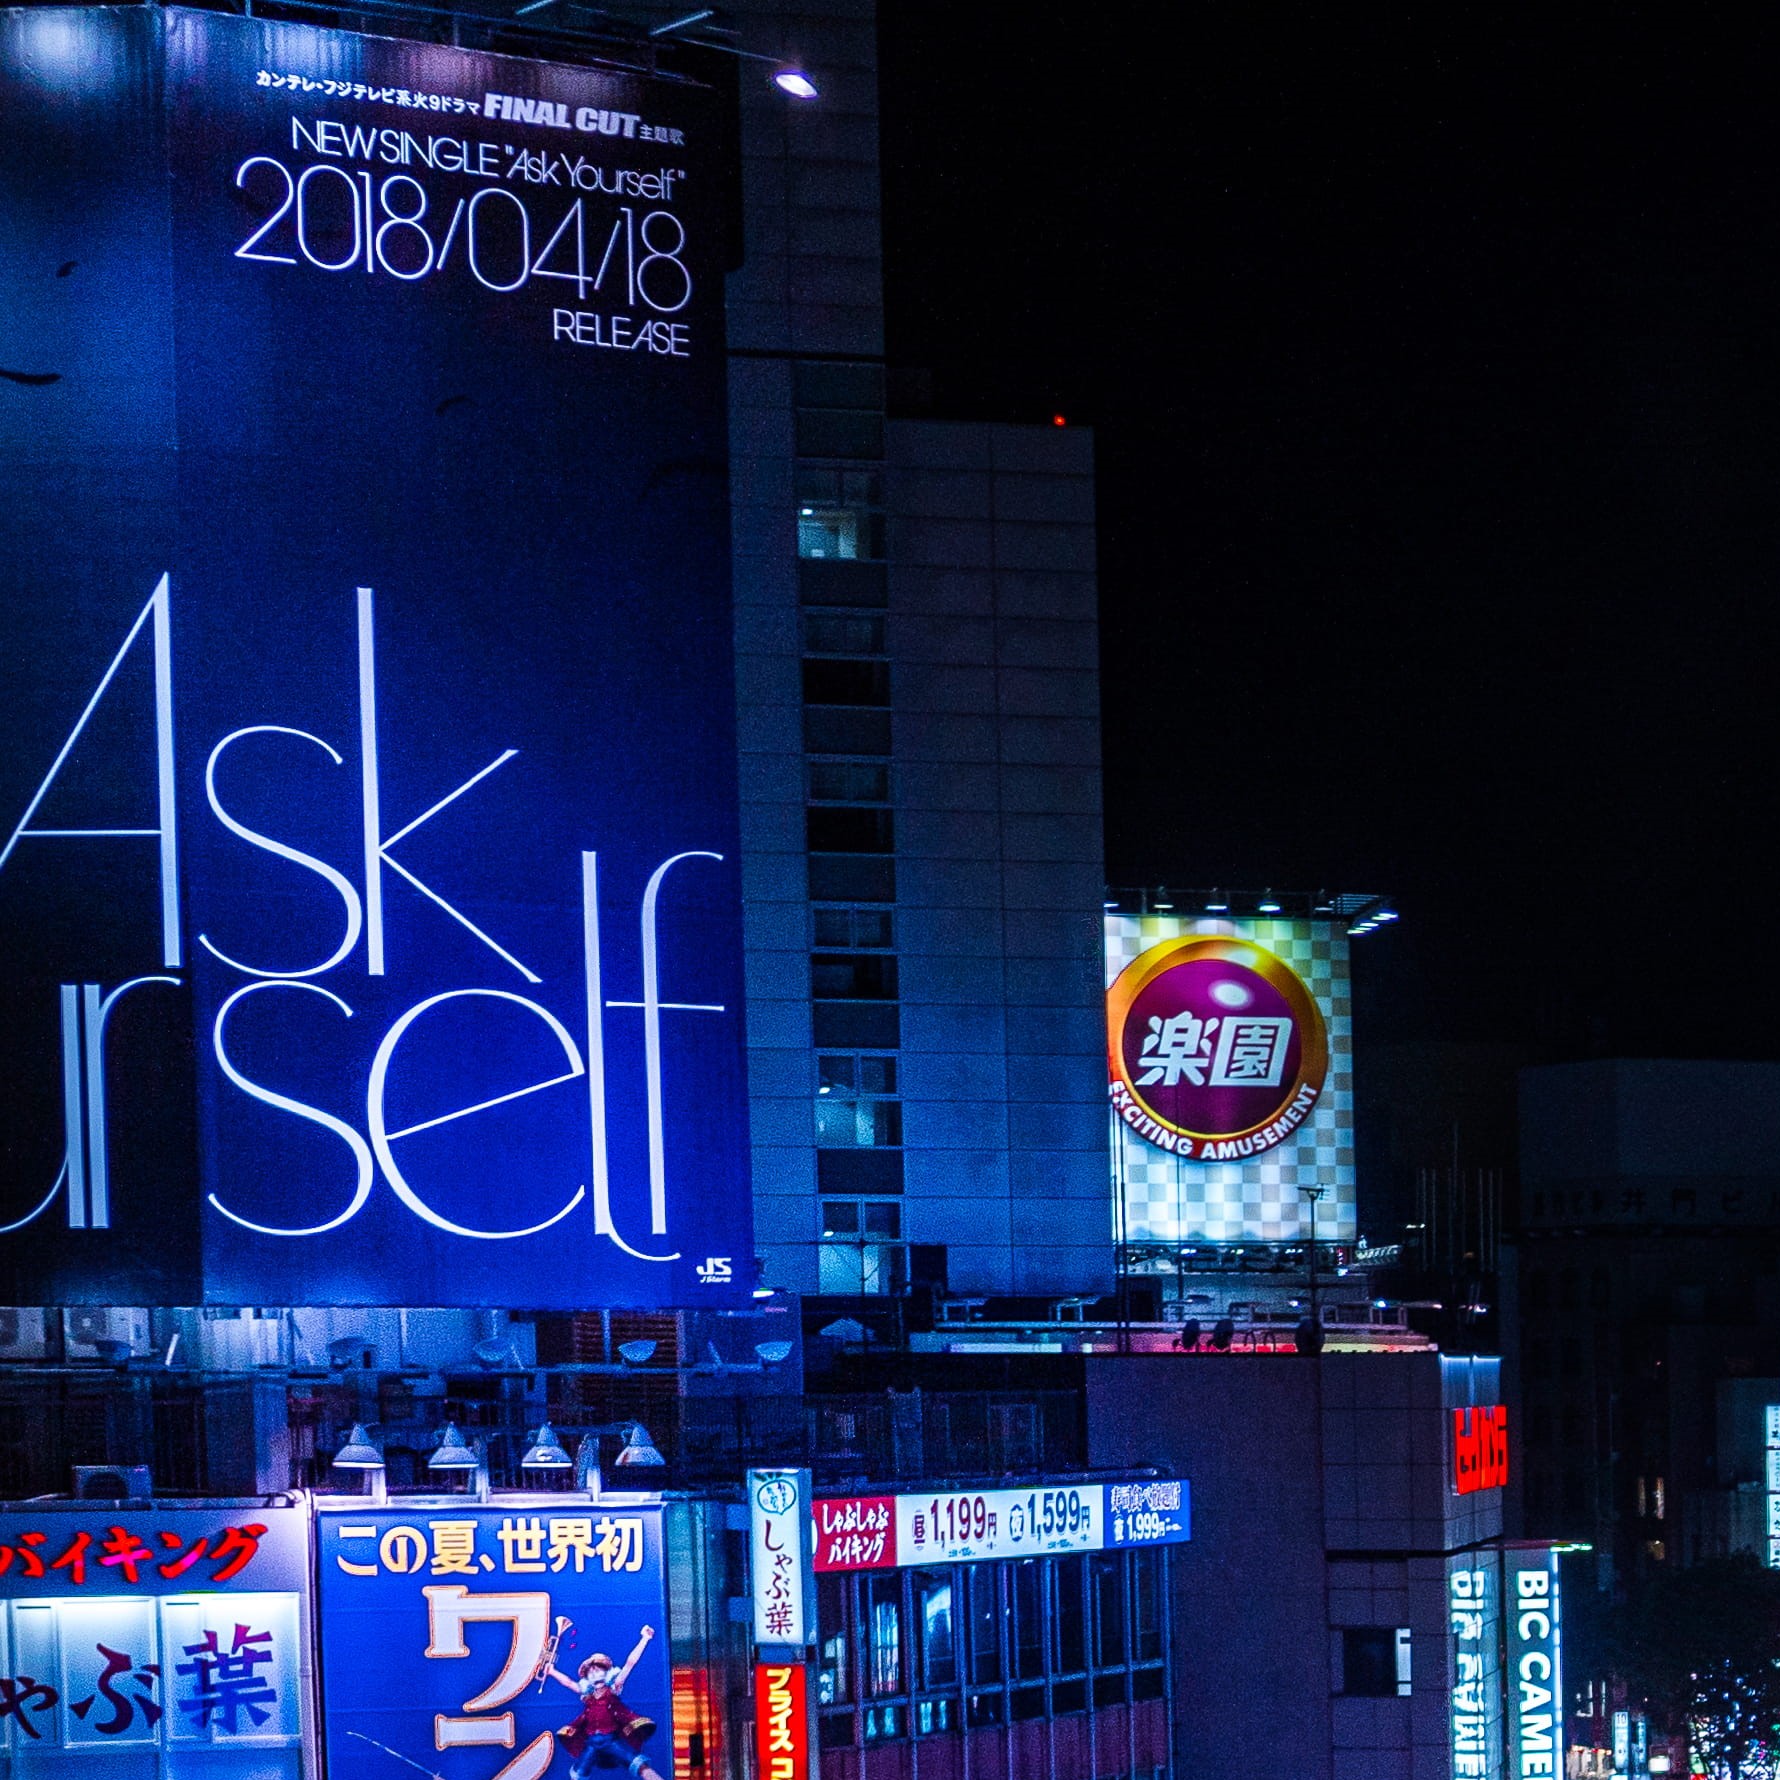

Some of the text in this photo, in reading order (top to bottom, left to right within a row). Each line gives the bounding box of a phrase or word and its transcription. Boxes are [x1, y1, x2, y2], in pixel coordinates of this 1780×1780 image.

[291, 119, 377, 160] NEW
[378, 128, 501, 177] SINGLE
[483, 92, 571, 131] FINAL
[575, 105, 640, 138] CUT
[234, 156, 692, 312] 2018/04/18
[553, 309, 690, 357] RELEASE
[0, 572, 542, 982] Ask
[1135, 1011, 1293, 1087] 楽園
[1109, 1080, 1318, 1161] EXCITING AMUSEMENT
[336, 1516, 644, 1577] この夏、世界初
[821, 1498, 890, 1535] しゃぶしゃぶ
[827, 1530, 888, 1564] バイキング
[764, 1520, 795, 1637] しゃぶ葉
[1517, 1568, 1553, 1643] BIC
[767, 1668, 795, 1753] プライス

---*---

## TASK OBJECTIVE
All entries must be written out again exactly as given, with no pictures in the copy.

## OUTPUT FOR THIS TASK
Some of the text in this photo, in reading order (top to bottom, left to right within a row). Each line gives the bounding box of a phrase or word and its transcription. Boxes are [x1, y1, x2, y2], in pixel coordinates of this 1780×1780 image.

[291, 119, 377, 160] NEW
[378, 128, 501, 177] SINGLE
[483, 92, 571, 131] FINAL
[575, 105, 640, 138] CUT
[234, 156, 692, 312] 2018/04/18
[553, 309, 690, 357] RELEASE
[0, 572, 542, 982] Ask
[1135, 1011, 1293, 1087] 楽園
[1109, 1080, 1318, 1161] EXCITING AMUSEMENT
[336, 1516, 644, 1577] この夏、世界初
[821, 1498, 890, 1535] しゃぶしゃぶ
[827, 1530, 888, 1564] バイキング
[764, 1520, 795, 1637] しゃぶ葉
[1517, 1568, 1553, 1643] BIC
[767, 1668, 795, 1753] プライス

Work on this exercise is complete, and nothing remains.